What the exercise asks
Nothing but the pictures is dropped; write out all the remaining data below exactly.

Information provided
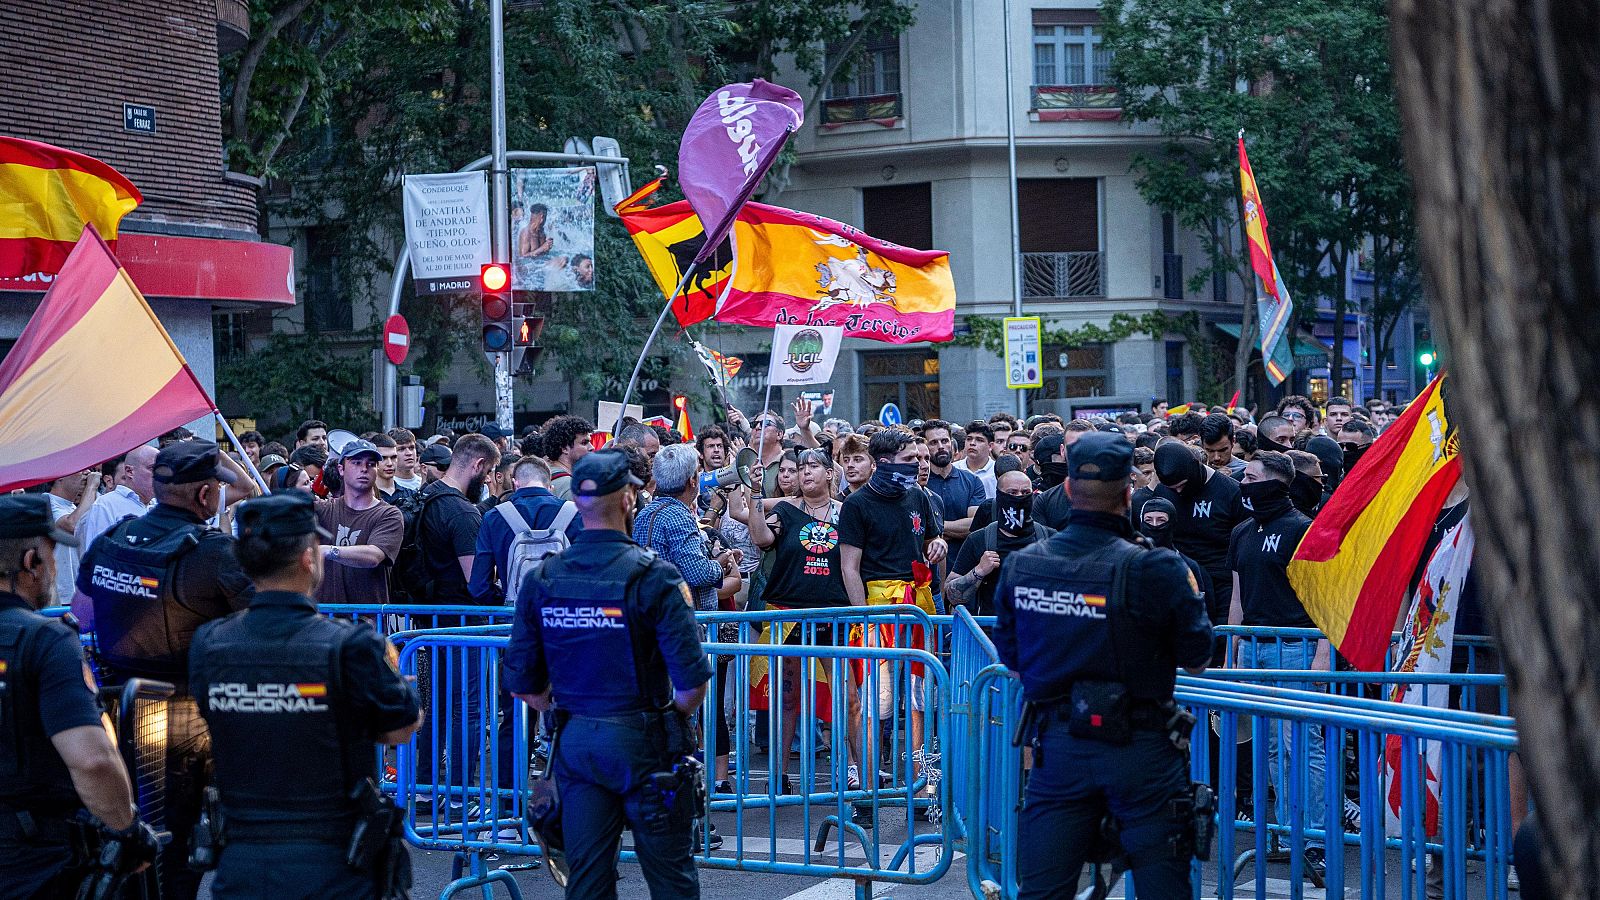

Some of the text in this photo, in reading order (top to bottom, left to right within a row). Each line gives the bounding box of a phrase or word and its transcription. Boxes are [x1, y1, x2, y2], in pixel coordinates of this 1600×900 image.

[134, 118, 151, 129] FERRAZ
[422, 185, 469, 194] CONDEDUQUE
[421, 205, 471, 217] JONATHAS
[415, 216, 478, 228] DE ANDRADE
[414, 239, 449, 249] SUEÑO,
[436, 254, 443, 262] 30
[444, 254, 452, 262] DE
[454, 253, 474, 261] MAYO
[425, 264, 434, 272] AL
[453, 262, 473, 271] JULIO
[439, 281, 471, 290] MADRID
[845, 312, 922, 339] Tercios
[783, 352, 823, 365] JUCIL
[436, 415, 465, 430] Bistro
[93, 564, 143, 586] POLICIA
[803, 565, 831, 576] 2030
[91, 575, 158, 598] NACIONAL
[1014, 585, 1087, 605] POLICIA
[541, 606, 607, 618] POLICIA
[1014, 597, 1107, 619] NACIONAL
[542, 617, 625, 629] NACIONAL
[208, 682, 301, 698] POLICIA
[208, 697, 329, 712] NACIONAL

Task output
Some of the text in this photo, in reading order (top to bottom, left to right within a row). Each line gives the bounding box of a phrase or word and its transcription. Boxes are [x1, y1, x2, y2], in pixel coordinates of this 1600×900 image.

[134, 118, 151, 129] FERRAZ
[422, 185, 469, 194] CONDEDUQUE
[421, 205, 471, 217] JONATHAS
[415, 216, 478, 228] DE ANDRADE
[414, 239, 449, 249] SUEÑO,
[436, 254, 443, 262] 30
[444, 254, 452, 262] DE
[454, 253, 474, 261] MAYO
[425, 264, 434, 272] AL
[453, 262, 473, 271] JULIO
[439, 281, 471, 290] MADRID
[845, 312, 922, 339] Tercios
[783, 352, 823, 365] JUCIL
[436, 415, 465, 430] Bistro
[93, 564, 143, 586] POLICIA
[803, 565, 831, 576] 2030
[91, 575, 158, 598] NACIONAL
[1014, 585, 1087, 605] POLICIA
[541, 606, 607, 618] POLICIA
[1014, 597, 1107, 619] NACIONAL
[542, 617, 625, 629] NACIONAL
[208, 682, 301, 698] POLICIA
[208, 697, 329, 712] NACIONAL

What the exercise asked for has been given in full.